Mueang Det (เมืองเดช) is a capital tambon (subdistrict) of Det Udom District, in Ubon Ratchathani Province, Thailand. In 2021, it had a population of 33,447 people. Neighbouring subdistricts are (clockwise from the south) Tha Pho Si, Na Charoen, Na Rueang, Kut Prathai, Phon Ngam and Klang.

==History==
The region was settled in the early 1800s, the first village was named Dom Yai village. The conflict between the governor of Sisaket, Phraya Viset Bhakdee (พระยาวิเศษภักดี), and three royal nobilities, including Luang Thibet (หลวงธิเบศร์), Luang Mahatthai (หลวงมหาดไทย), and Luang Abhai (หลวงอภัย) caused those three clans with members of 2,150 people to evacuate to Dom Yai village in 1845 and the village was promoted to the town named "Det Udom", under the control of the city of Khukhan. After the reformation of the country's administrative division in 1907, 1912, and 1926, the town was governed by Monthon Isan, Monthon Ubon, and Monthon Nakhon Ratchasima, respectively.

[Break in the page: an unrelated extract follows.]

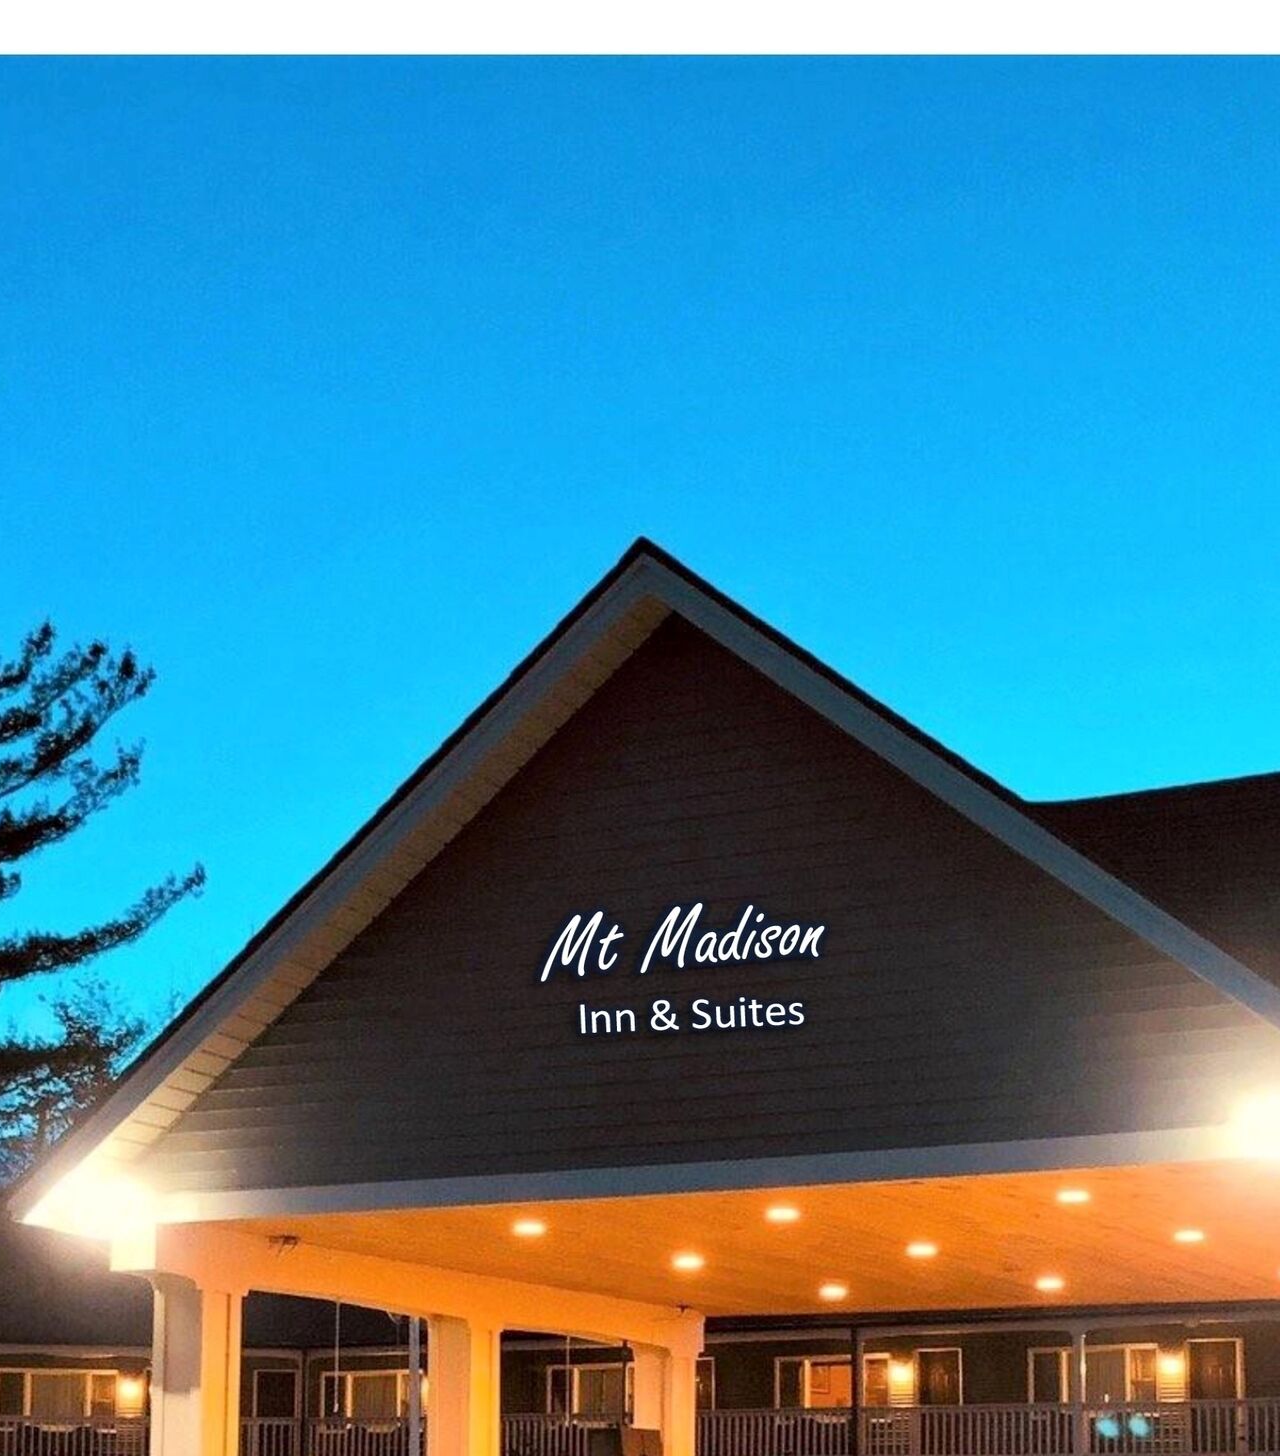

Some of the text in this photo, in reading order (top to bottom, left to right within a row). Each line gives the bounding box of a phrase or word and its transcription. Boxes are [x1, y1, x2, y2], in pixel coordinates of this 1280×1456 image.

[540, 902, 825, 983] Mt Madison
[579, 996, 805, 1034] Inn & Suites
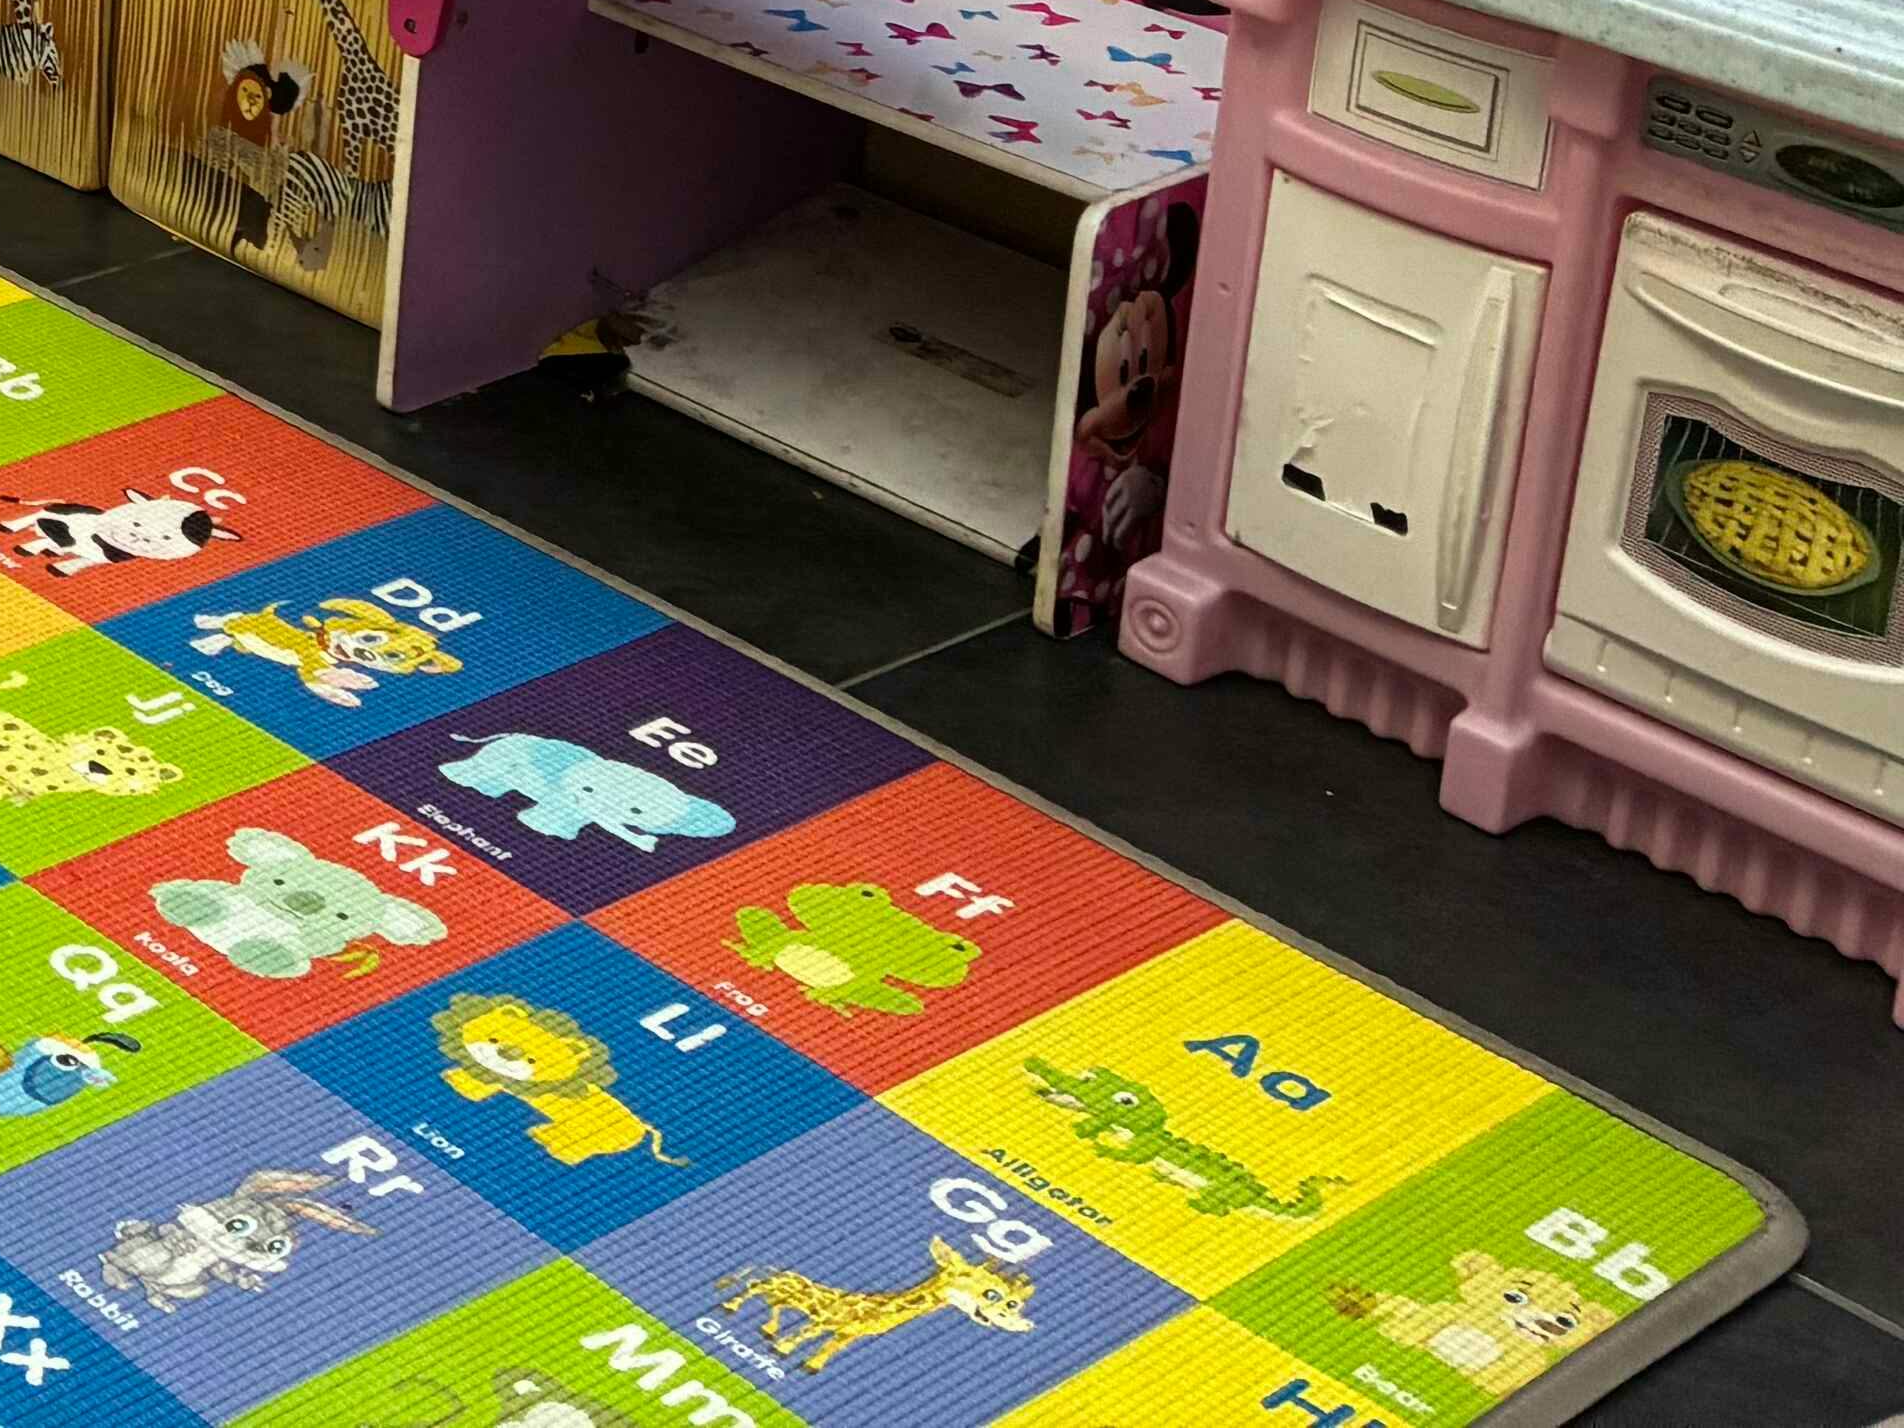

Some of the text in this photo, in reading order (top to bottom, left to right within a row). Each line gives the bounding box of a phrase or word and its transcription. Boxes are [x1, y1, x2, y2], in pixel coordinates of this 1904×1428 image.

In 1892, the town gained subdistrict status and was considered the capital of the former district, Prajim Det Udom (ปจิมเดชอุดม; Western Det Udom), which was later merged with other three districts; Matchim Det Udom" (มัชฌิมเดชุอดม; Central Det Udom), Uthai Det Udom (อุทัยเดชอุดม; Eastern Det Udom), and Dom Pradit (โดมประดิษฐ์), to create a new district, Det Udom district in 1912. While the Muaeng Det subdistrict is much older, the Sukhaphiban Mueang Det (สุขาภิบาลเมืองเดช) as the local administration unit was established in 1956. Effective 1999, it was upgraded to a subdistrict municipality, and then to a town municipality in 2007.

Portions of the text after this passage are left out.